In a cellar on the outskirts of Paris, Weiss had to acknowledge that he had nothing like the powerful BBC at his disposal, and de Gaulle’s people were using it to full effect. Not that he disagreed with the strategy-the sentence in absentia might have a sobering effect on the Hauptsturmfuhrer, as it had in other cases. It was just that he had an executive’s view of the world, and as an executive he was stung when competitors had resources he didn’t. He could turn out endless editions of the underground Humanite, his best writers storming and threatening, but it didn’t begin to add up to the power of the BBC.

This in a week when things were not going well. He had been reprimanded by Moscow Center for the Aubervilliers raid-dear comrade. They might have moved their wireless operation back to the Urals, but they’d only been out of contact for two days and then-he suspected he was now receiving from a relay station in Sweden-then they’d let him have it. Operational rules specified a second automobile, to provide a getaway after an attack. How could he not have known that the Germans would use a chase car? Why wasn’t it spotted during surveillance?

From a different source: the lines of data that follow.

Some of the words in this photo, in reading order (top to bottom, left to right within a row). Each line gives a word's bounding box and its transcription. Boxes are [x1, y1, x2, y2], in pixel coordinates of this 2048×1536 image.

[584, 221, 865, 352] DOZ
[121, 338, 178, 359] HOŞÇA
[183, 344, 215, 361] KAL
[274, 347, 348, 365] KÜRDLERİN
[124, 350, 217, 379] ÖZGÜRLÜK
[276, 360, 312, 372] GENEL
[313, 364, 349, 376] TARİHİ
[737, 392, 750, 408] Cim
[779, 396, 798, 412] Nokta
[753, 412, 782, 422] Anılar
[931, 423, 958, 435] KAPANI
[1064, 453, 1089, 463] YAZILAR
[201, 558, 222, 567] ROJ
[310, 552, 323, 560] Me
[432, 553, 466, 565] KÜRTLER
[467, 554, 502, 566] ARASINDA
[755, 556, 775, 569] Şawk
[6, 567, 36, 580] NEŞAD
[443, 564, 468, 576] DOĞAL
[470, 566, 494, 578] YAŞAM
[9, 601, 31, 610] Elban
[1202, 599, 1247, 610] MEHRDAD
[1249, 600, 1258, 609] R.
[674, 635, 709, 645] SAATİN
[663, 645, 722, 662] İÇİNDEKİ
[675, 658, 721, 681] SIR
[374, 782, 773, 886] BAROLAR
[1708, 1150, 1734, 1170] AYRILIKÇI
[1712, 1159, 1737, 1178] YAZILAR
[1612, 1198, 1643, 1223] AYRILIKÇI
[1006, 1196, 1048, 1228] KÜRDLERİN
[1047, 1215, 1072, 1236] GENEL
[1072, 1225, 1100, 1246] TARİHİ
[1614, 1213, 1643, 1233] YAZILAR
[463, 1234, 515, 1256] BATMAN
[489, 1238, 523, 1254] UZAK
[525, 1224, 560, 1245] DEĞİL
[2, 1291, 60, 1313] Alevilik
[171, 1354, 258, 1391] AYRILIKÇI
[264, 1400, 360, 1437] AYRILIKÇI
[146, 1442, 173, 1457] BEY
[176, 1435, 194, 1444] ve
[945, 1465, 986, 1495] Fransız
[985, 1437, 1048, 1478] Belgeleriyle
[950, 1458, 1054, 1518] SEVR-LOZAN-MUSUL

A second car? From where? How?

They’d obviously seen the French police report, and he hadn’t sent it to them. Somebody after his job, maybe. He leaned on the table he used as a desk and closed his eyes. Just ten minutes. The BBC droned on-a lycee class in Belfort had come to school wearing Cross of Lorraine armbands, the Gaullist symbol. He could do that, out in Montreuil or Boulogne, and tell the world in leaflets, but it would never have the impact of a BBC broadcast. Above his head, the floorboards creaked as people cooked dinner and the aromas drifted down into the cellar; museau- jellied beef muzzle- and cabbage.

A knock at the door. “Comrade Weiss?”

“Yes?”

“Dinner?”

“Maybe later.”

“Comrade Somet is waiting to see you.”

“All right. Five minutes.”

What was this, he wondered. Narcisse Somet had been in party work for twenty years. A journalist, cheeks and nose colored by the broken blood vessels of the longtime drinker, eyeglasses with tinted lenses, gray hair cut en brosse. He had always worked for trade weeklies, especially those that covered the mining and metals industries. Secretly, he wrote for Humanite, at one time contributing to its most popular feature-L’Huma consistently picked more winners at the Paris racetracks than any other newspaper.

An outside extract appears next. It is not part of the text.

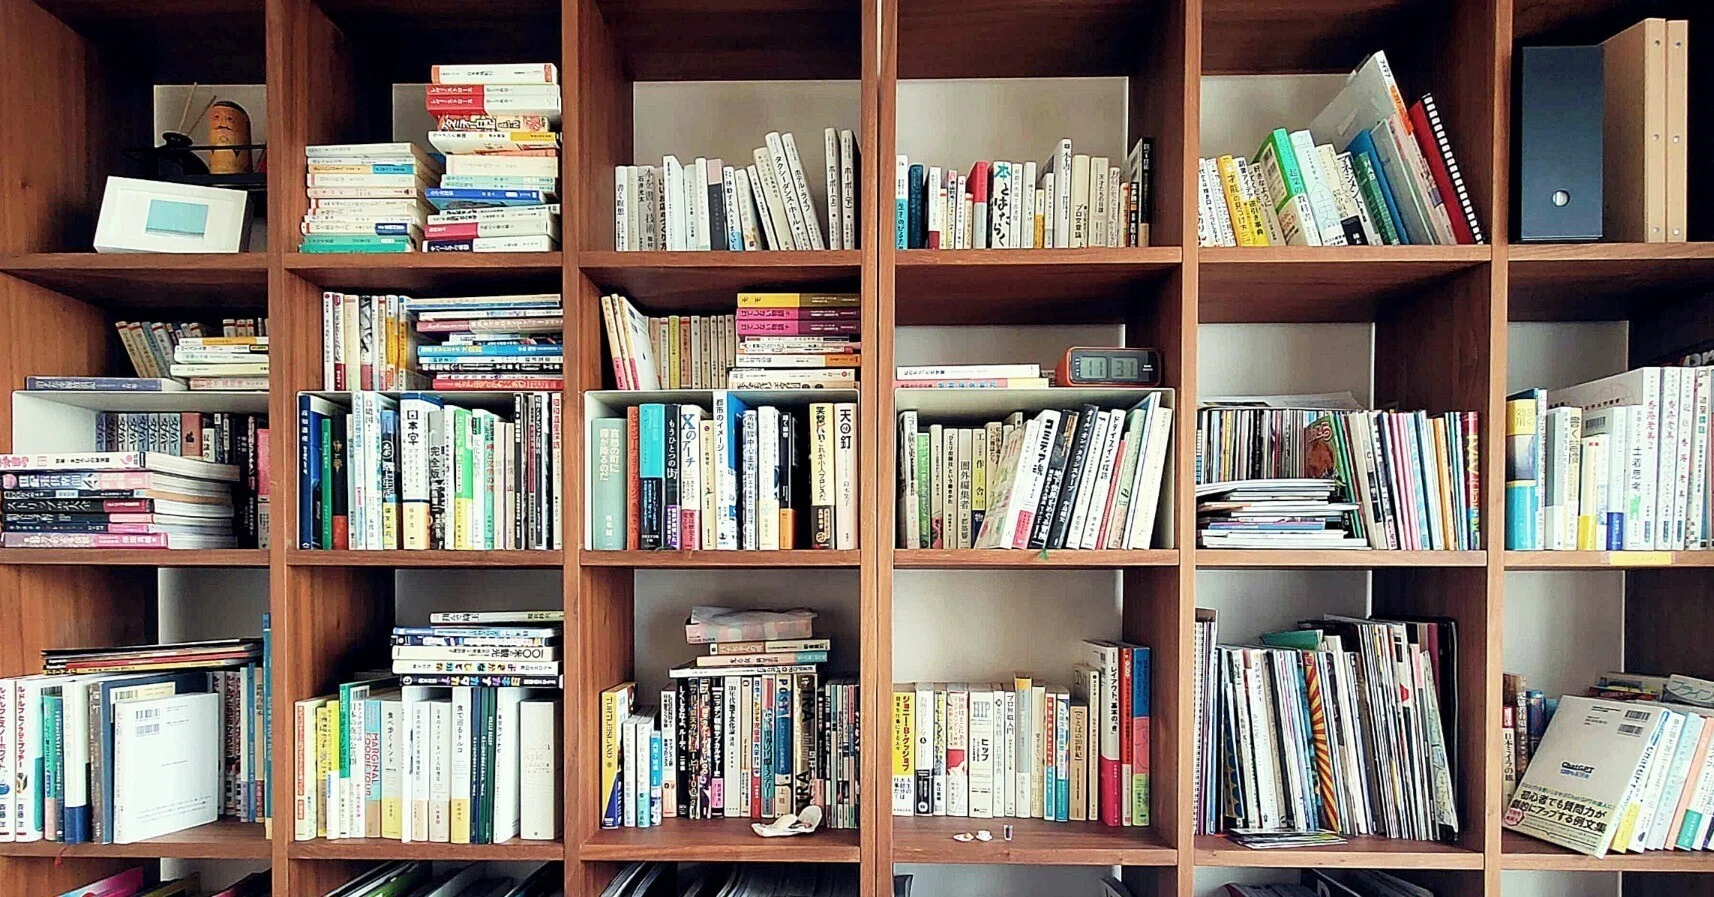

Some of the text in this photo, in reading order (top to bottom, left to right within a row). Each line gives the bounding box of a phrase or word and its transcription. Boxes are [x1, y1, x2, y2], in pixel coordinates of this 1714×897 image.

Weiss went to the door and called upstairs, Somet shuffled in a moment later.

They shook hands. Somet settled himself in a chair, coughed a few times into his fist. They made small talk for a while, then Somet said, “I’ve been contacted by Alexander Kovar.”

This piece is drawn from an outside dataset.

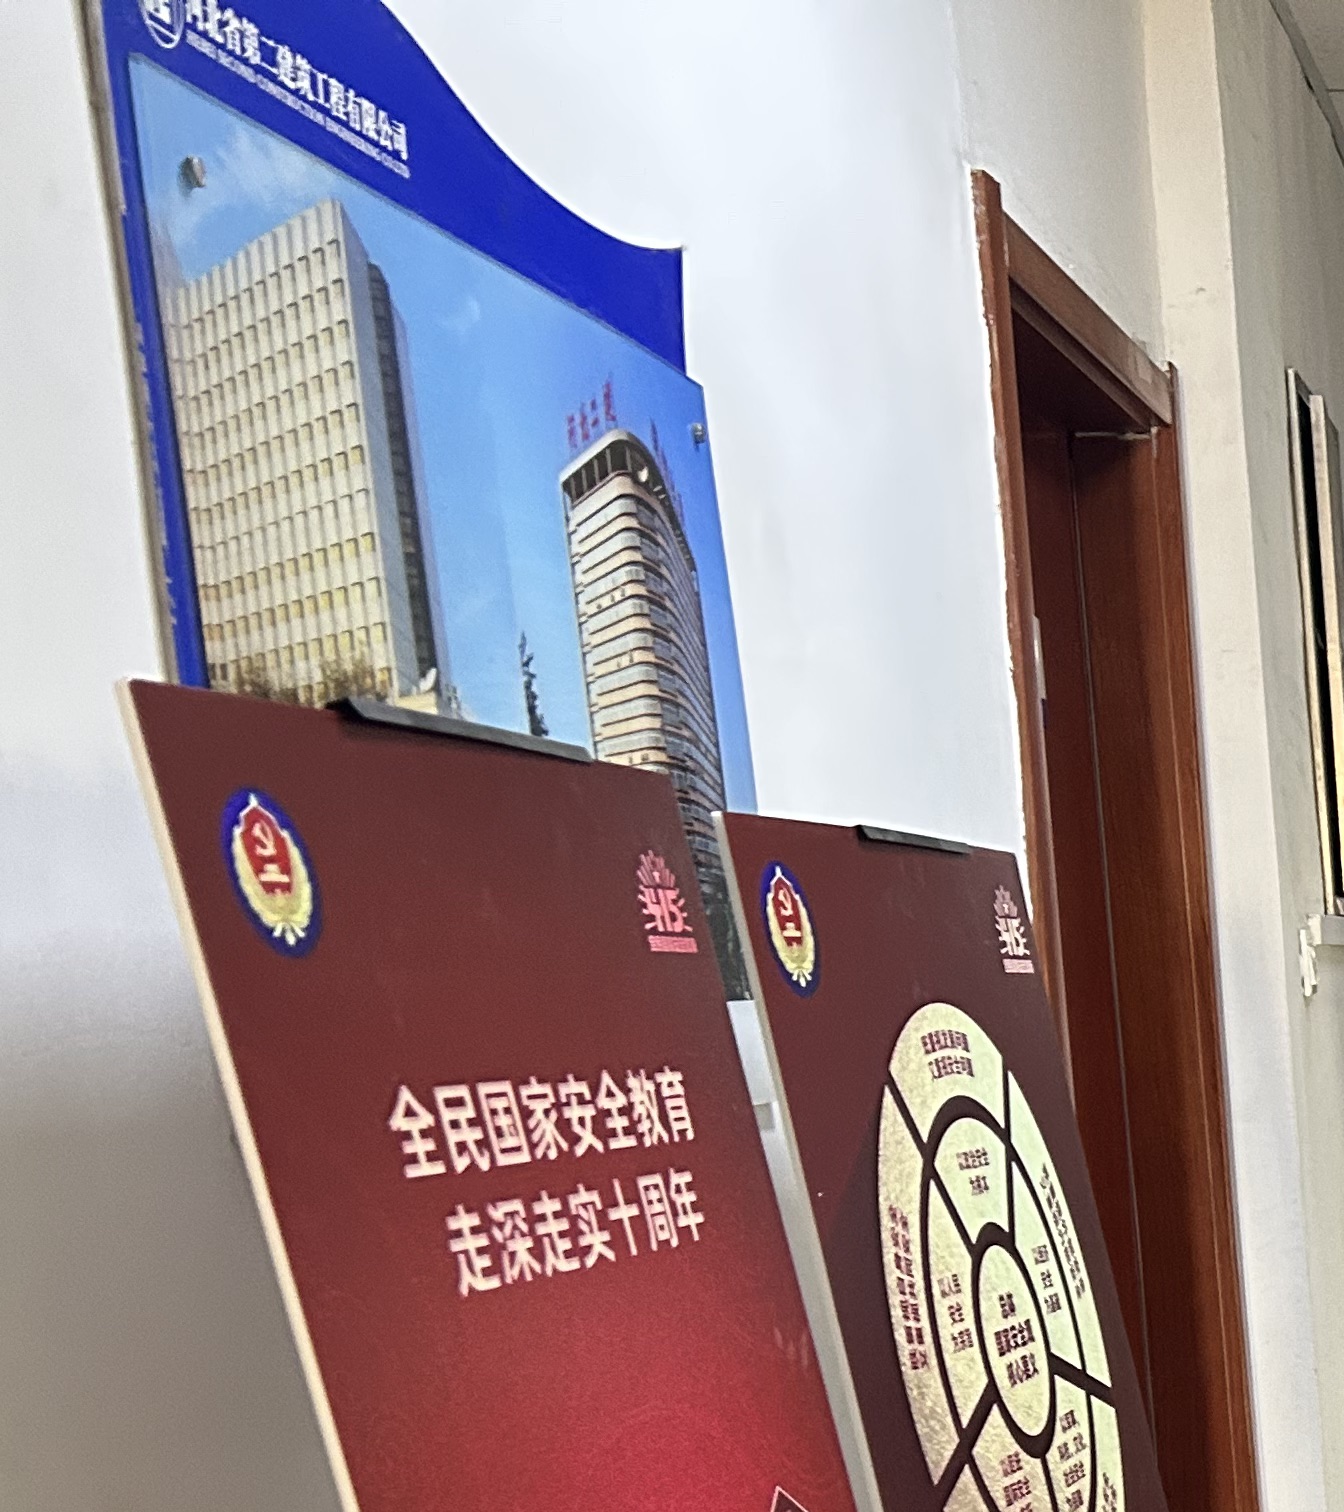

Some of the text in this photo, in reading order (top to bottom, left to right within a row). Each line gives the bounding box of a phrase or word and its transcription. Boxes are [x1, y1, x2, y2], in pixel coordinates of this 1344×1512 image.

[388, 1066, 694, 1178] 全民国家安全教育
[446, 1168, 705, 1297] 走深走实十周年

Casson took his nightly meal at a small cafe on the place Maillart. The plane trees on the square were bare now, and the branches dripped, but it was at least something to look at. He ate at a table by the front window, a newspaper folded beside his plate. He’d run out of ration coupons for meat or fish, which left him with the only nonrationed dish on the menu, soup. Thin and yellowish, a few lentils, some onion, and a small piece of carrot. Served lukewarm, with a slice of coarse gray bread. The trick was to think about lentils as he used to know them, in a salad with mustard sauce and lean bacon. His father used to say, “You can’t eat dreams!” But, in a way, you could.

He turned to the entertainment section of the newspaper; reviews, ads, and a few brief news stories. Such as-FILM STAR WEDS IN SOUTH. In Villefranche, to be precise, the actress Citrine (Danielle Aubin) had married the director Rene Guillot (The Shoemaker’s Wedding, Blackbeard the Pirate). The newlyweds to honeymoon on Cap Ferrat, then, early next year, to work on Guillot’s new project, Hotel de la Mer. With a photo of the happy couple.

He felt, at that moment, not very much. A flash of sorrow, an iron band around his throat, a small voice saying what did you expect? He paid for dinner, clamped the paper beneath his arm, and headed back to the hotel.